The Problem(s) With Facebook Reach
Ok, you understand what Facebook Reach is and how to measure and compare it, but there are some cautions that you need to keep in mind.
1. The Reach numbers are higher than the actual people who have really seen your post
What the Reach metric tells you is the number of times your post has been displayed technically. But this doesn’t even mean that your post was onscreen or that the user actually saw it. When you scroll down your News Feed, Facebook loads new posts in batches and whenever a post is loaded, the Reach for that posts gets increased, but there are posts that users never scroll down to and never see. Additionally, Reach gets incremented and when your posts appears in the Ticker as well and most of the users on Facebook do not pay attention to that at all. So always keep in mind that the actual number are lower. Use them for a guideline, a metric, but not a number that represents the reality fully.
2. Reach is not everything you should care about.

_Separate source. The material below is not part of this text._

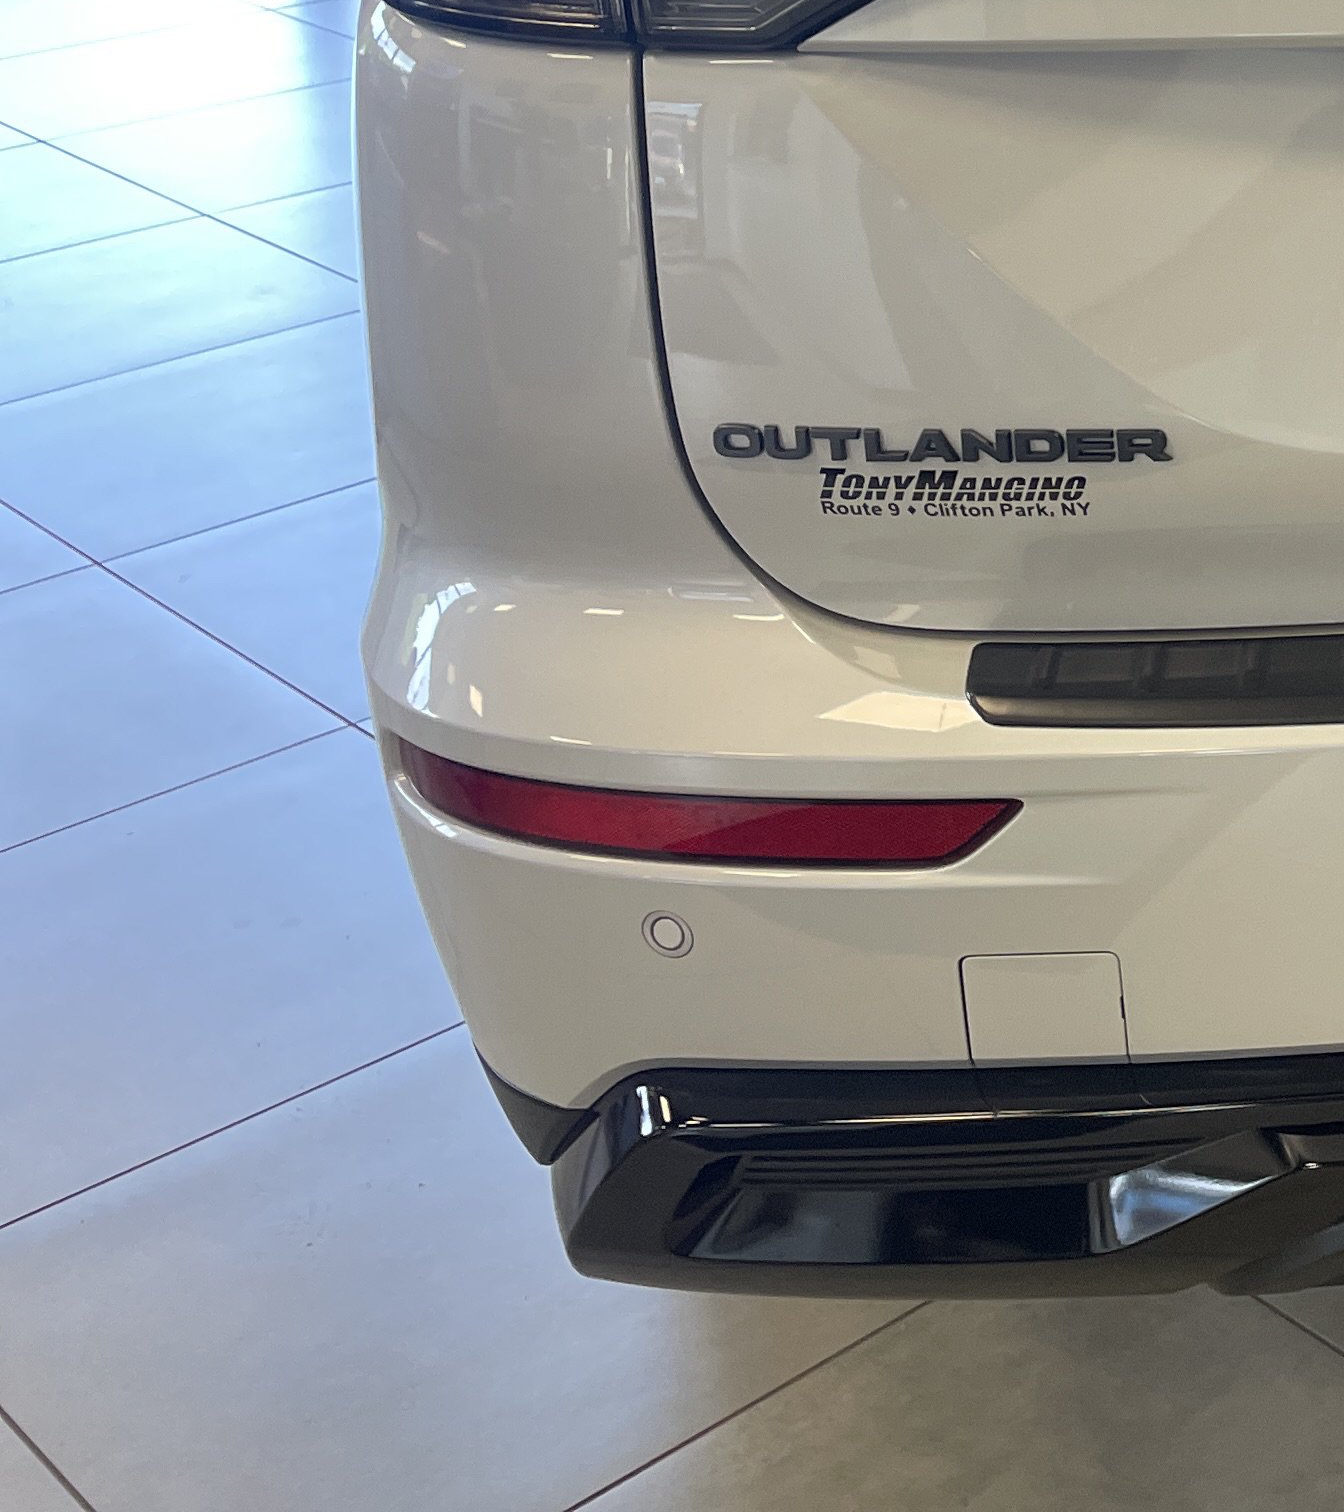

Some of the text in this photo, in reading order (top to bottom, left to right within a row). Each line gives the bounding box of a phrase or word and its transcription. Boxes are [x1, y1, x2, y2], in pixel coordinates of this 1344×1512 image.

[712, 423, 1173, 464] OUTLANDER
[820, 500, 1090, 518] Route 9 Clifton Park, NY

Reach is the chances Facebook gives you to connect with your fans. This depends on how well your page is doing according to the almighty Facebook algorithm, but it by no means tells the whole story. Because reach is just a proxy to what you really want which is genuine interaction. You want not just your posts displayed in front of people, you want them to really see them, to enjoy them and to spread them around.
After all, Reach is one of the most important metrics to monitor and it’s important because you can use the information you get to improve the way you handle your page. Don’t get too hung up on metrics, but monitor them and use them to your advantage by learning what helps you and what hurts you and acting accordingly.